American Community Survey data on languages spoken at home were previously available for only 39 languages. These tables, based on survey data collected from 2009 to 2013, expand the languages and language groups tabulated to 350.
These tables are among the most comprehensive data ever released from the Census Bureau on languages spoken less widely in the United States, such as Pennsylvania Dutch, Ukrainian, Turkish, Romanian, Amharic and many others.
Also included are 150 different Native North American languages, collectively spoken by more than 350,000 people, including Yupik, Dakota, Apache, Keres and Cherokee.
“While most of the U.S. population speaks only English at home or a handful of other languages like Spanish or Vietnamese, the American Community Survey reveals the wide-ranging language diversity of the United States,” said Erik Vickstrom, a Census Bureau statistician. “For example, in the New York metro area alone, more than a third of the population speaks a language other than English at home, and close to 200 different languages are spoken. Knowing the number of languages and how many speak these languages in a particular area provides valuable information to policymakers, planners and researchers.”

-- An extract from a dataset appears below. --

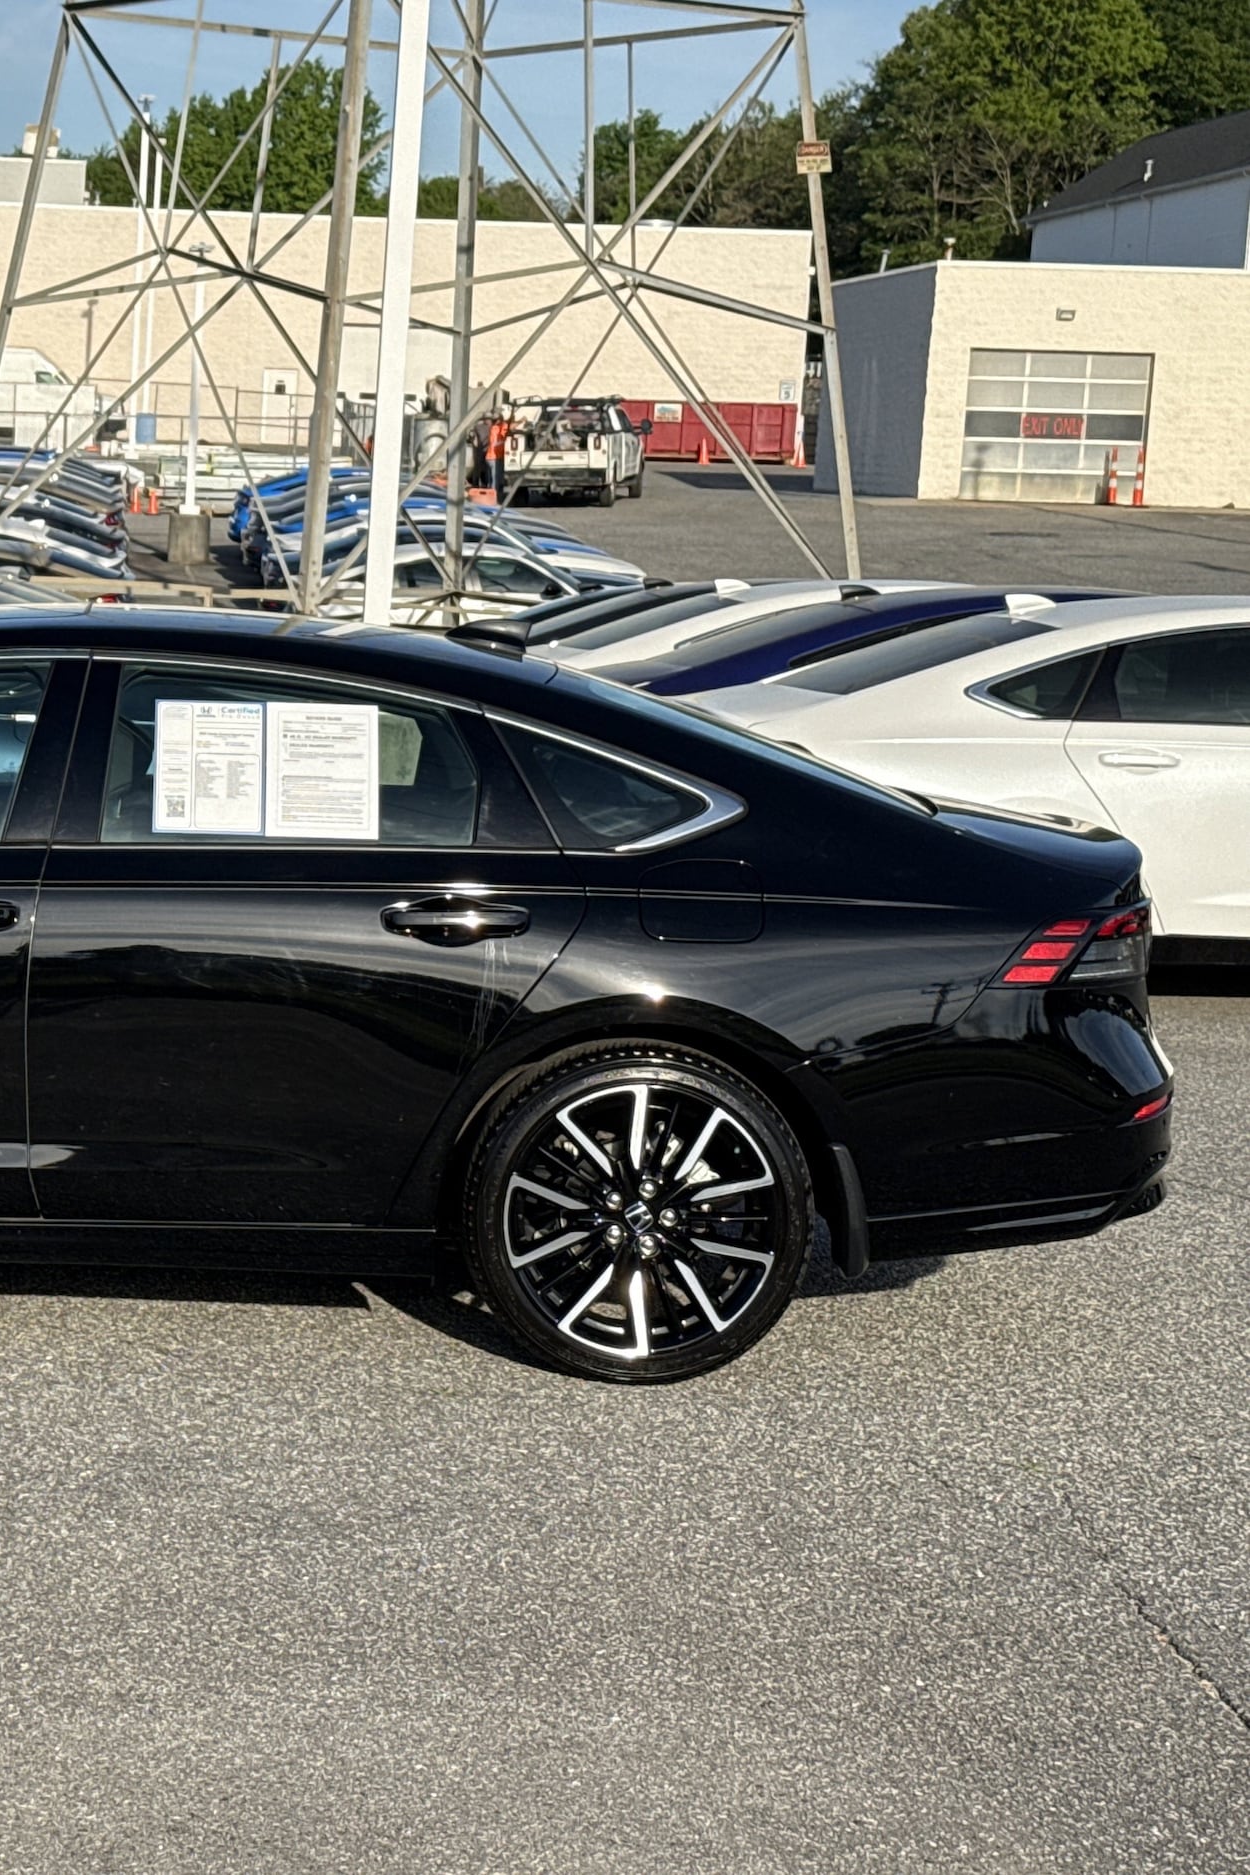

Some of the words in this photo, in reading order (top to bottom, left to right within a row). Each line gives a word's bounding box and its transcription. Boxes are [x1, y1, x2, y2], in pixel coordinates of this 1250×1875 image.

[1022, 416, 1049, 435] EXIT
[1053, 416, 1084, 436] ONLY
[221, 706, 260, 714] Certified

The tables provide information on languages and language groups for counties and core-based statistical areas (metropolitan and micropolitan areas) with populations of 100,000 or more and 25,000 or more speakers of languages other than Spanish, as well as for the nation, states and Puerto Rico regardless of population size.
These data show the number of speakers of each language and the number who speak English less than “very well” — a common measure of English proficiency.